O chanceler cubano, Bruno Rodríguez, denunciou o recrudescimento das sanções sob o governo Trump e alertou que os danos em apenas dois meses equivalem ao custo de combustível para toda a demanda elétrica do país. A resolução contra o bloqueio será votada na ONU em outubro
O ministro das Relações Exteriores de Cuba,
Bruno Rodríguez, apresentou em Havana, nesta quarta-feira (17), o relatório anual sobre o impacto do
bloqueio econômico, comercial e financeiro imposto pelos Estados Unidos. O documento, que abrange o período de março de 2024 a fevereiro de 2025, estima que o bloqueio causou prejuízos de
US$ 7,5 bilhões à ilha caribenha. Segundo Rodríguez, esse valor representa um aumento de cerca de
50% em relação ao ciclo anterior, resultado do recrudescimento das sanções aplicadas pelo novo governo republicano de
Donald Trump e pelo secretário de Estado Marco Rubio.
“As consequências dessa política se evidenciam dramaticamente nas carências enfrentadas pelo nosso povo. Essa realidade é inegável e tangível”, afirmou o ministro, reiterando que o objetivo explícito das sanções é forçar uma “mudança de regime” por meio da asfixia econômica.
O Custo Humano e Energético
Em um contexto de dificuldades no fornecimento de energia elétrica em Cuba, o chanceler destacou que os prejuízos causados em apenas 60 dias — cerca de US$ 1,6 bilhão — são equivalentes ao custo do combustível necessário para atender toda a demanda elétrica do país. Além das perdas econômicas quantificáveis, Rodríguez denunciou o
“dano humano extraordinário” da política, que, segundo ele, é impossível de ser expressado em números, dada a angústia e privações causadas às famílias cubanas.

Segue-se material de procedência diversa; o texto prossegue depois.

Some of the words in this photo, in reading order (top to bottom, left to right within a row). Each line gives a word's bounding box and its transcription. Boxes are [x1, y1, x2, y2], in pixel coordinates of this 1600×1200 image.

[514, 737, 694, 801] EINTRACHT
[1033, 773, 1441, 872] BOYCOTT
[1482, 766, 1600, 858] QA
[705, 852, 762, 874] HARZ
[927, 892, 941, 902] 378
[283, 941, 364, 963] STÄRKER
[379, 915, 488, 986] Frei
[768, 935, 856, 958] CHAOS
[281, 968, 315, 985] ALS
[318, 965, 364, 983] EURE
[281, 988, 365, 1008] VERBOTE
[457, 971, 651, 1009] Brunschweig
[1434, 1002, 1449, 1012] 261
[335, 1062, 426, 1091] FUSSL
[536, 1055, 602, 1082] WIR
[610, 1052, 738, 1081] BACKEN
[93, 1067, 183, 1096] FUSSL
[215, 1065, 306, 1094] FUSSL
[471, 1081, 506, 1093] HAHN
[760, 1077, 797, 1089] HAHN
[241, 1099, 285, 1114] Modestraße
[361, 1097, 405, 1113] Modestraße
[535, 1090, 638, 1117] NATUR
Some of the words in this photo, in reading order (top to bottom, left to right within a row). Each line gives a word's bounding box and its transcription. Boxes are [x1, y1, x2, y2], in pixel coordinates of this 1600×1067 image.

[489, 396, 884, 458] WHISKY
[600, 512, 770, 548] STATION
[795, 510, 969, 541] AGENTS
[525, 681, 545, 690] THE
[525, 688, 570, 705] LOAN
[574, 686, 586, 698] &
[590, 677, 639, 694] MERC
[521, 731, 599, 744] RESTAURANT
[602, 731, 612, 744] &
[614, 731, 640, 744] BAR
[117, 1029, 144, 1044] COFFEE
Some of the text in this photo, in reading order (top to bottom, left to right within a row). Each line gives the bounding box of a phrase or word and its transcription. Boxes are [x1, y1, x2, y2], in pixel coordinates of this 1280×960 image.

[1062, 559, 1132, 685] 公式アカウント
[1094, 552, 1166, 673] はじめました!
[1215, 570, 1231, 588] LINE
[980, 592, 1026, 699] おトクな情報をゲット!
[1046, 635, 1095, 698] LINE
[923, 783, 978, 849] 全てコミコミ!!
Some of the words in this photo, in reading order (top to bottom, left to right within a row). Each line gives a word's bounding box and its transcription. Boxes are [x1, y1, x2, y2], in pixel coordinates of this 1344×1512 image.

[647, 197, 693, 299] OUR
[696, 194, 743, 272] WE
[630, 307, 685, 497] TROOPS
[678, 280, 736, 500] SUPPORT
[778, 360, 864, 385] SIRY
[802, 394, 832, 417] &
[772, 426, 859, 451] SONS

Bloqueio e o Cenário Internacional
O relatório cubano integra o projeto de resolução que será apresentado, como ocorre anualmente, à
Assembleia Geral das Nações Unidas (ONU), sob o título
Necessidade de pôr fim ao bloqueio econômico, comercial e financeiro imposto pelos Estados Unidos da América contra Cuba. A resolução será debatida e votada nos dias
28 e 29 de outubro. Nos últimos 32 anos, o bloqueio tem sido condenado por uma maioria quase unânime da comunidade internacional na ONU, sendo os EUA e Israel os principais votos contrários. Em sua intervenção, o chanceler também alertou a ONU sobre a
crescente ofensiva e militarização dos Estados Unidos no Caribe, que, segundo ele, coloca a região à beira da guerra e ameaça a paz e a segurança.